Originally Posted by Raeford
I understand 4ager.
If one has never been to this part of the country then they wouldn't understand it's allure. These hills and hollars become a part of you. Even though the area that I reside in has changed drastically due to two major universities[Va Tech & Radford U] with a combined 40K students, I'm still just ten to fifteen minutes drive from true hillbilly land in most any direction. When I head north into WV[half hours drive mostly due to winding roads] I see the devastation that the EPA has wreaked. It's hard to believe that poverty exists at that level that close. It's a totally different world yet when you look past the shanties where many of the [mostly former] coal miners live it is still beautiful country.
I guess that I am saying I couldn't image living anywhere else, ever.


Folks down there are certainly doing a whole hell of a lot better now, than they were doing back in the 50s, 60s, 70s...

Alot of folks from outside have moved down there to retire.. bringing in money besides having to rely on coal money... many folks were hillside dirt farmers, and survived off of that...

a big influx started in the early 1970s, after John Denver came out with "Almost Heaven, West Virginia" and you had the 'get back to nature crowd', moving down there from the Northeast and the Midwest....

My family roots are down there from Wyth County VA to Raleigh County WVA, and have been since that area had the first white settlers in there...My grandfather was born in Wythe County in 1907, and my grandmother in Beckley WVa in 1911...if someone has the last name of Meadows or Lily, they are probably related to me...

I was born in Bluefield in 1952, which had a population back then of about 20,000.. now adays I think it is more like 12 to 13 thousand. My mother was raised in Monroe County, and I have relatives peppering Giles Co VA, Mercer, Monroe, Greenbrier and Raleigh Counties WVa...

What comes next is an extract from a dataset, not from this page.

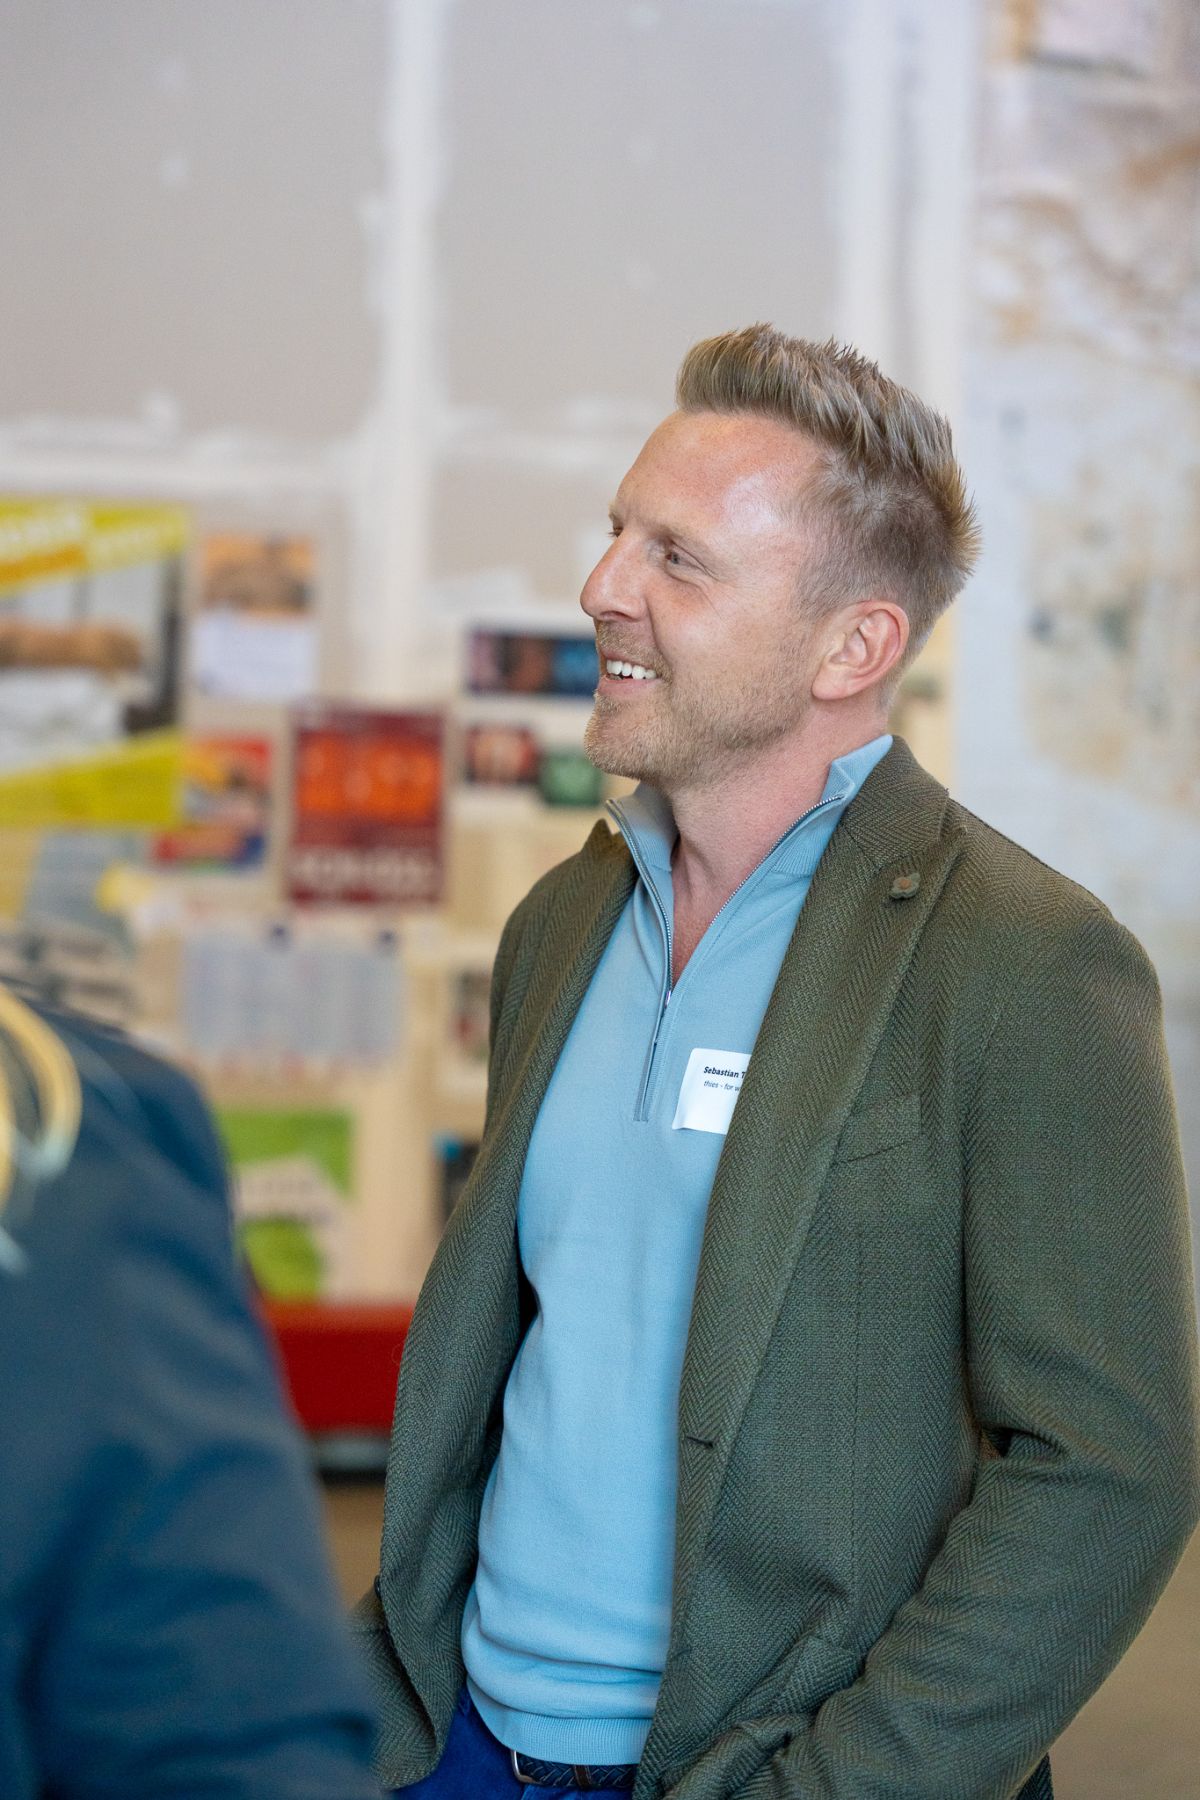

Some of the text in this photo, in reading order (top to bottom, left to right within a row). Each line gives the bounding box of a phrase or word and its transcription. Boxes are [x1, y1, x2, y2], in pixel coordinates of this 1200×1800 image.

[703, 1066, 739, 1078] Sebastian
[703, 1080, 719, 1089] thies
[724, 1082, 733, 1091] for

And Steelie's comment about they are all yankees? I remember few statues erected in small towns in WVa dedicated for the local boys that fought for the Union in the Civil War...but there are plenty dedicated to the local boys who fought for the south.....the county seat of Monroe County is named Union.. but it only has a statue for the boys who fought for the Confederacy...

Poverty has always been a fact of life in Southern WV and the counties in VA bordering it... and yeah, problems that come with poverty still exist down there also....but the locals also know how to take care of one another... you do something for someone in need, twenty years later most will not have forgotten it...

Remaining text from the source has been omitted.